As the fires from the February 28 strikes continue to burn across Tehran and Isfahan, the Pentagon has been quick to label Operation Epic Fury a “masterclass in precision.” With the assassination of Supreme Leader Ali Khamenei within the opening hours, the Trump administration is claiming a victory lap. But the truth is far from what is being portrayed; the “epic” nature of this operation looks less like a triumph and more like the beginning of a strategic miscalculation.
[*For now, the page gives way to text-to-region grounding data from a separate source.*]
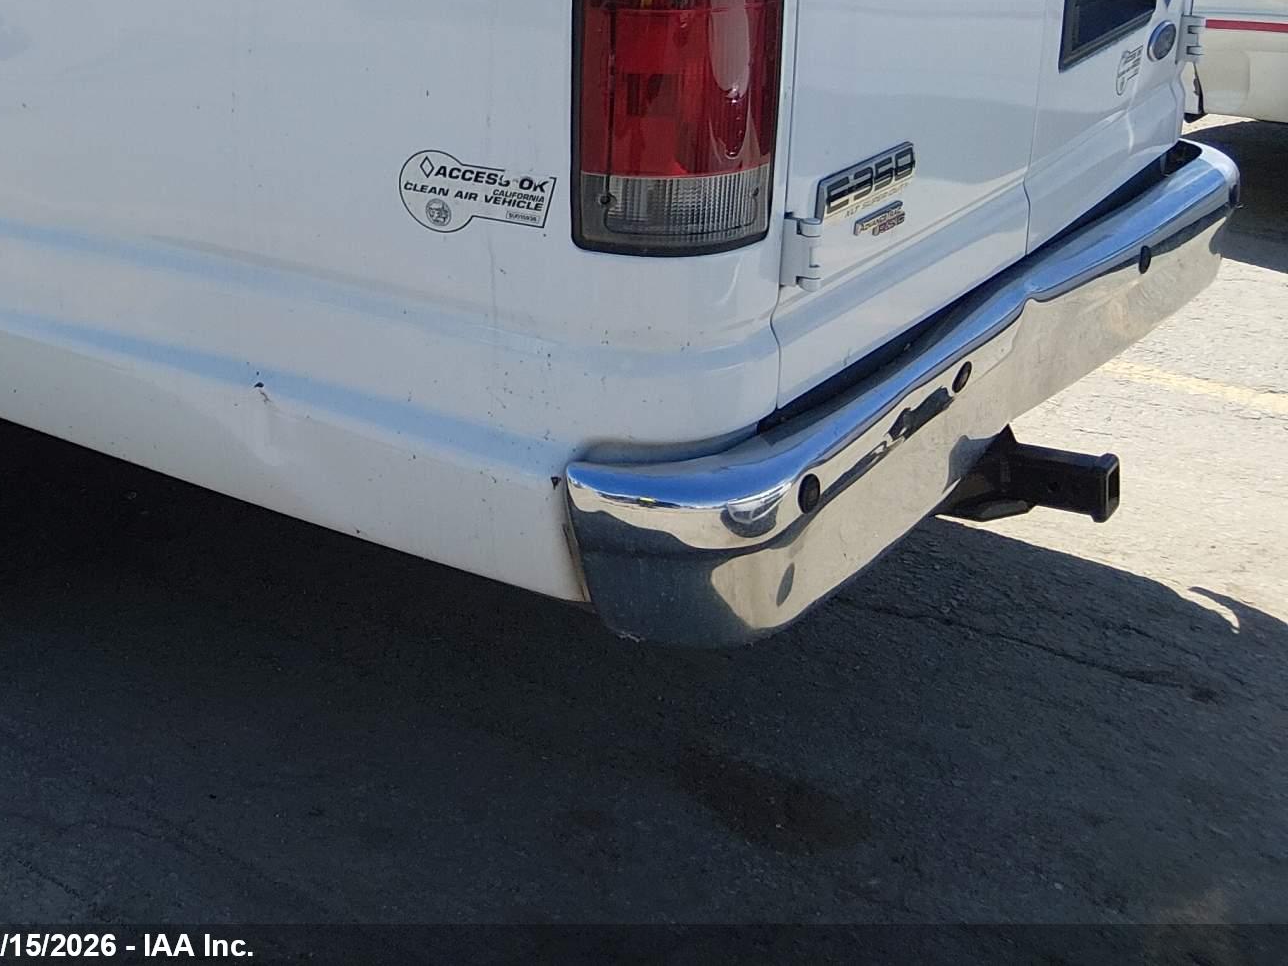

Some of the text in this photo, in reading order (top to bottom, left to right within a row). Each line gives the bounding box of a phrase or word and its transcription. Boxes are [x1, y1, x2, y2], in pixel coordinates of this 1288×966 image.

[518, 176, 550, 194] OK
[403, 181, 544, 212] CLEAN AIR VEHICLE
[492, 189, 545, 203] CALIFORNIA
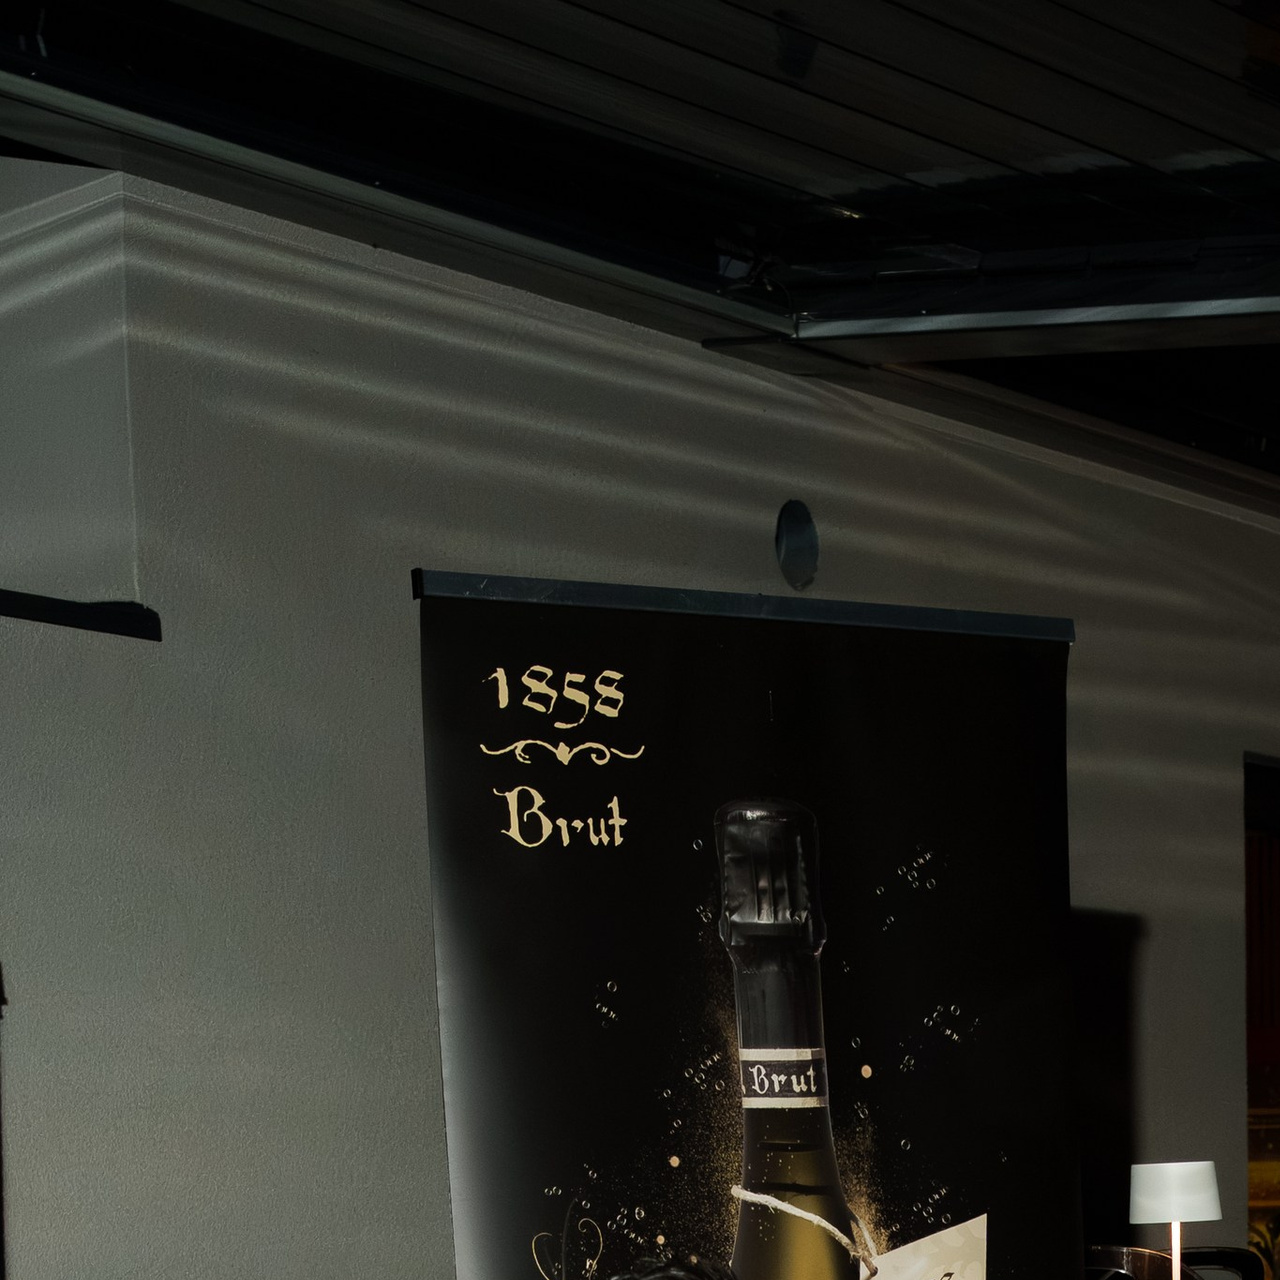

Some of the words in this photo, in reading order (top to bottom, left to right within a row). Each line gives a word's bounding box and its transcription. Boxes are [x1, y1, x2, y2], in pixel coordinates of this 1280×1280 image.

[482, 665, 624, 729] 1858
[493, 786, 628, 848] Brut
[748, 1064, 817, 1095] Brut
Washington’s strategy was built on the “Decapitation Fallacy”; the belief that by removing the head of the Islamic Republic, the body would collapse into a pro-Western democratic uprising. The appointment of Mojtaba Khamenei as the new Supreme Leader on March 8 signals that the Iranian establishment has not fractured; it has hardened. Rather than a popular revolt, the strikes have triggered a nationalist rally around the flag, fuelled by the famous slogans of
“Long Live the Martyred Supreme Leader”.
The efficacy of the strikes is being rapidly offset by the “asymmetric math” of regional warfare. While the U.S. spent an estimated $5.82 billion in the first 100 hours, Iran’s retaliatory strikes have hit the heart of American regional presence. The destruction of the $1.1 billion radar system at Al-Udeid in Qatar and the strikes on the Fifth Fleet HQ in Bahrain are a testament to “contained” war being a myth. At the same time, the wider conflict has triggered devastating humanitarian consequences, including civilian casualties and large-scale infrastructure destruction across Iran, as detailed in Israel’s Assault on Humanity.
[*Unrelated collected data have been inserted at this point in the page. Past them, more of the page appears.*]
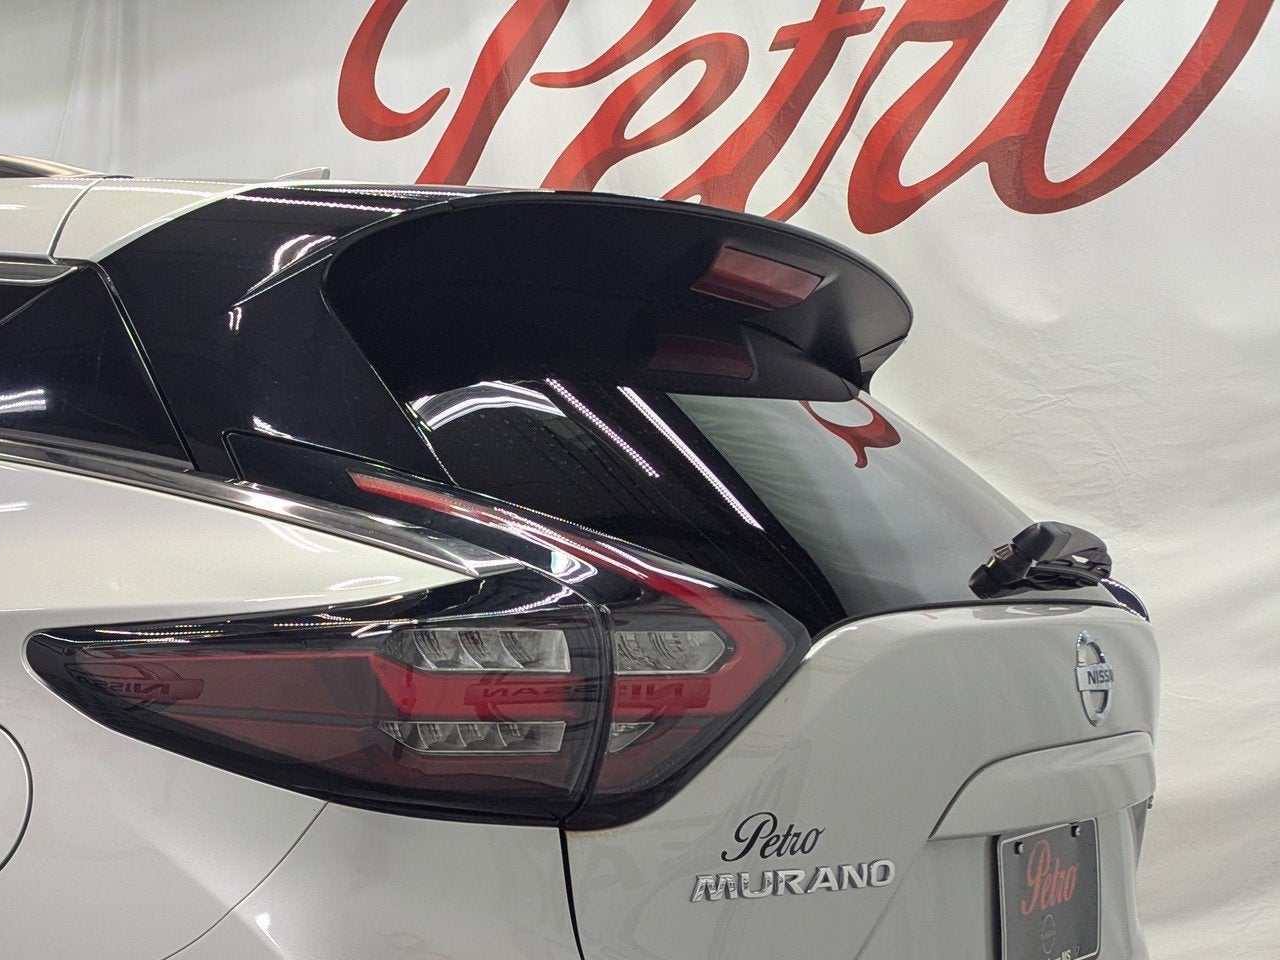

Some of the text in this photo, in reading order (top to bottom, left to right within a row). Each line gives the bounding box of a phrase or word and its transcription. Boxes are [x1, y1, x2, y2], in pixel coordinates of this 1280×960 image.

[721, 812, 825, 862] Petro
[690, 859, 896, 903] MURANO
[1021, 839, 1078, 915] Petro
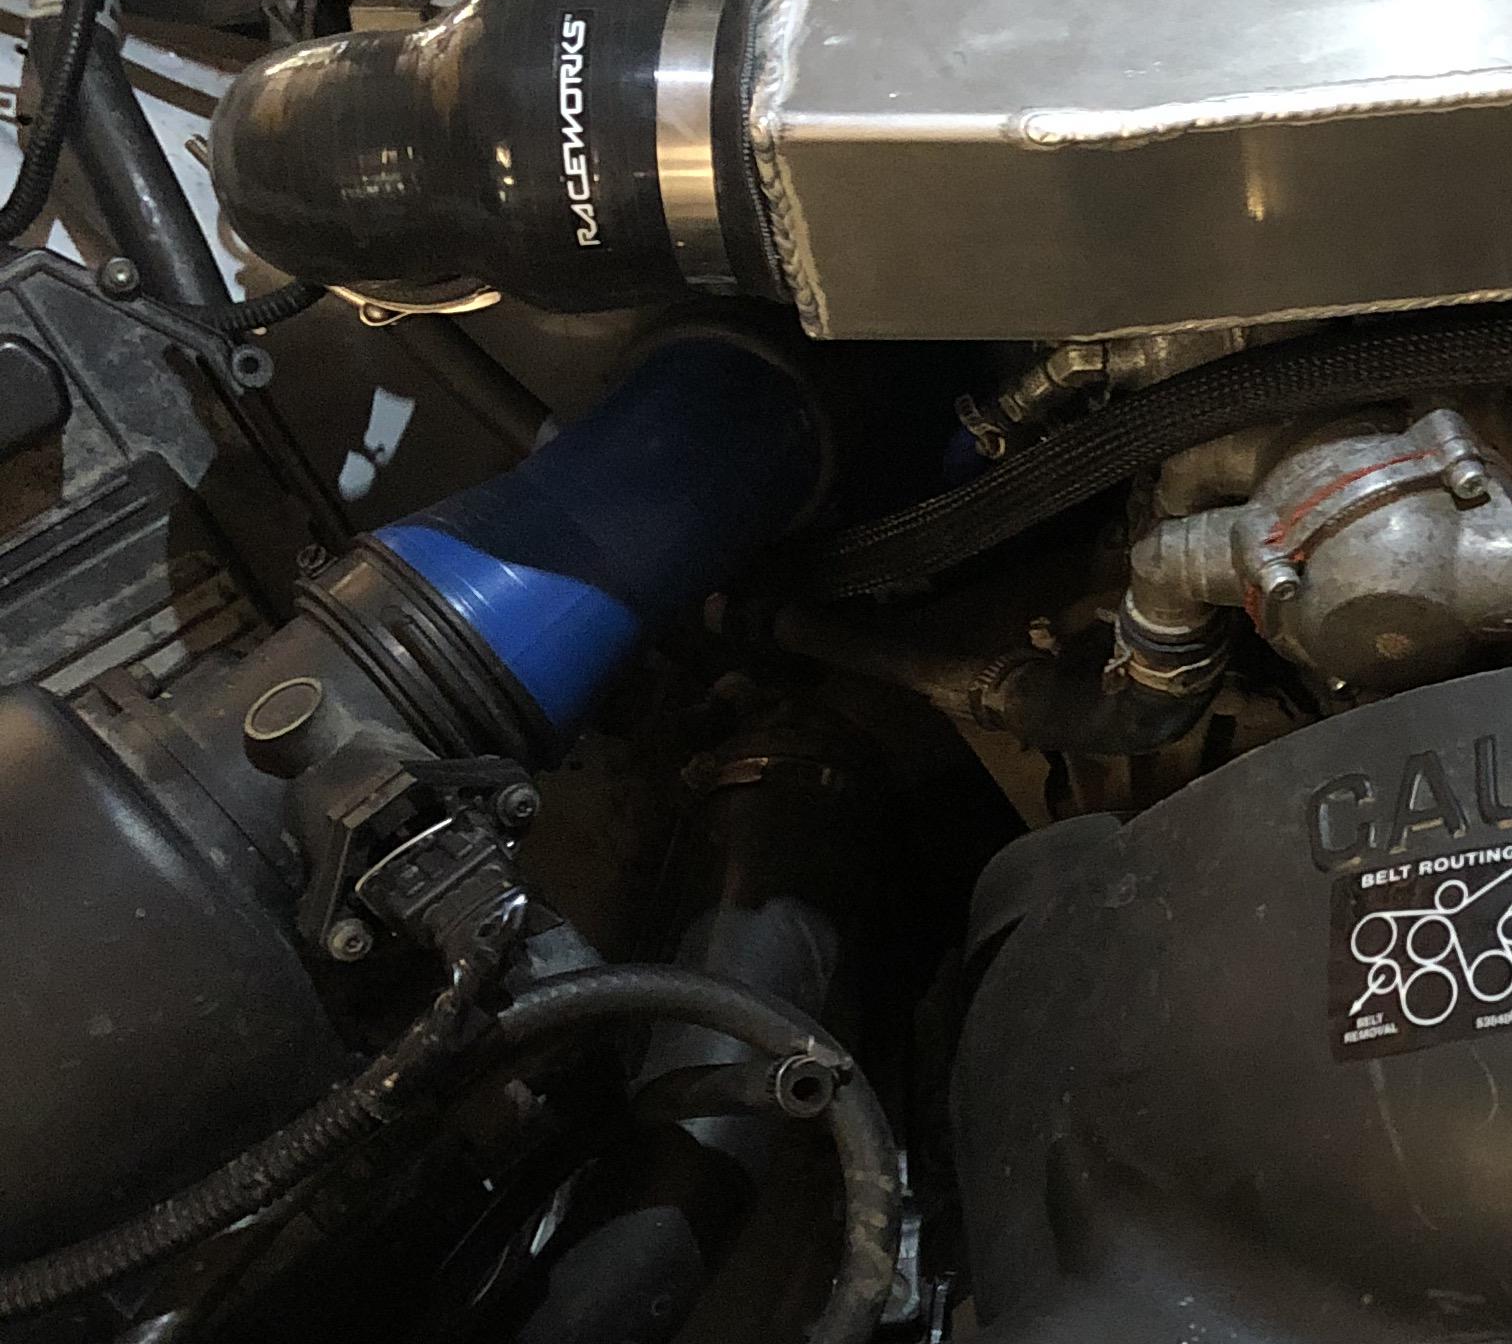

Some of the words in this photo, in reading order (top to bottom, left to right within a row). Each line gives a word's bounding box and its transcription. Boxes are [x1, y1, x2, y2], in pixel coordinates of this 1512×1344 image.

[559, 16, 601, 246] RACEWORKS
[1361, 864, 1411, 888] BELT
[1356, 1012, 1384, 1029] BELT
[1344, 1023, 1398, 1044] REMOVAL
The U.S. has started a war it cannot “win”. You can raze a missile factory, but you cannot bomb the geography of the Strait of Hormuz or the staunch ideology of the Iranian populace into submission. With the Strait now effectively closed and oil prices swinging violently, the global economy is being held hostage by a conflict that has no “Day After” plan. By seeking “Peace through Strength,” Washington has instead unleashed a “Fury” that it can neither control nor afford.
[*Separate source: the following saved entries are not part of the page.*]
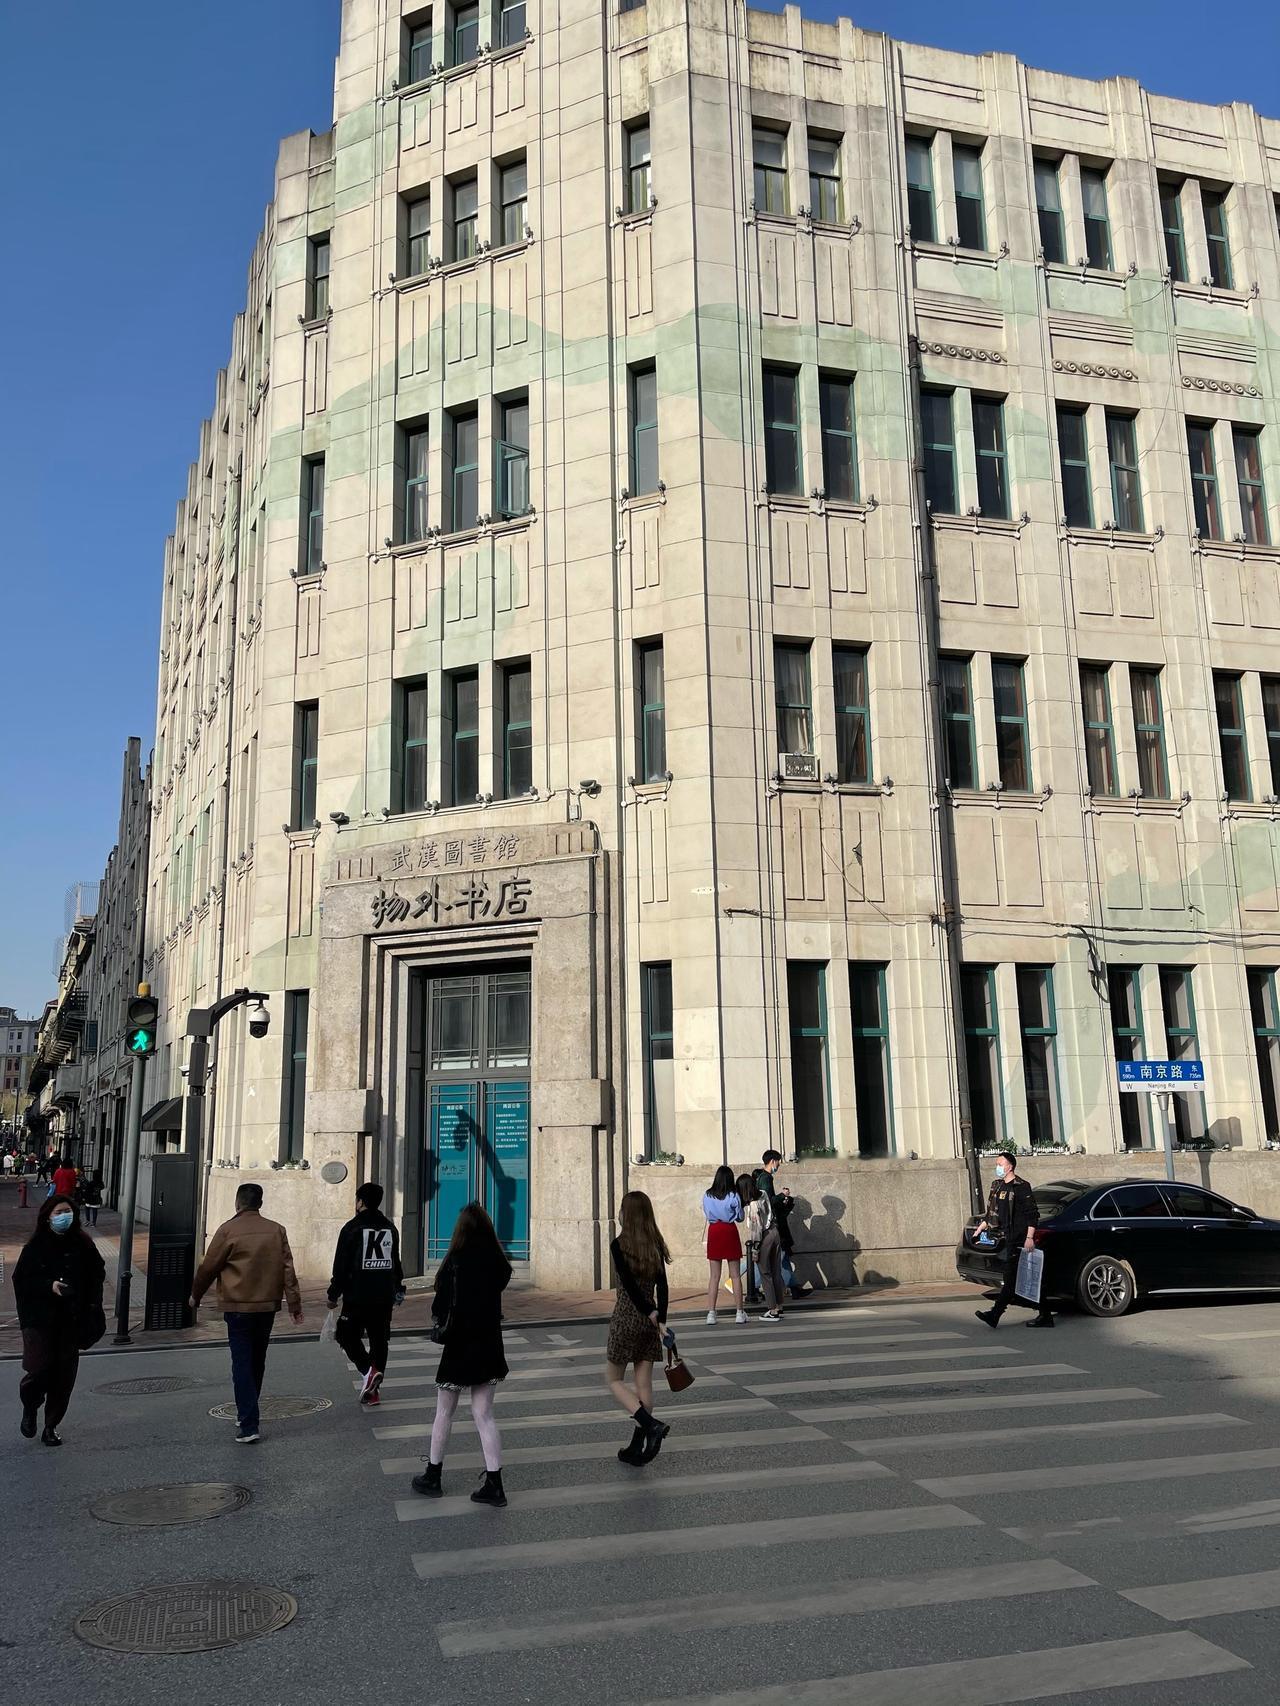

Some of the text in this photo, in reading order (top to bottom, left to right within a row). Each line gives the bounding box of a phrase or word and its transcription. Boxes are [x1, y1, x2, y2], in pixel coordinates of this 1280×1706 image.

[392, 834, 520, 872] 武漢圖書館
[1124, 1064, 1131, 1072] 西
[1140, 1064, 1182, 1078] 南京路
[1191, 1064, 1198, 1072] 东
[365, 1230, 387, 1259] K
It is increasingly evident that the U.S. administration, in a bid to appease the powerful Israeli lobby, has ignited an entirely unnecessary war that serves narrow interests over global stability. This is not 2003; today’s Middle East is far less tolerant of Western Regime-Change experiments. If the current trajectory holds, Operation Epic Fury will be remembered not for its tactical precision, but as a historic “Epic Disaster”; a reckless conflagration spiralled by domestic political pressures rather than genuine security needs.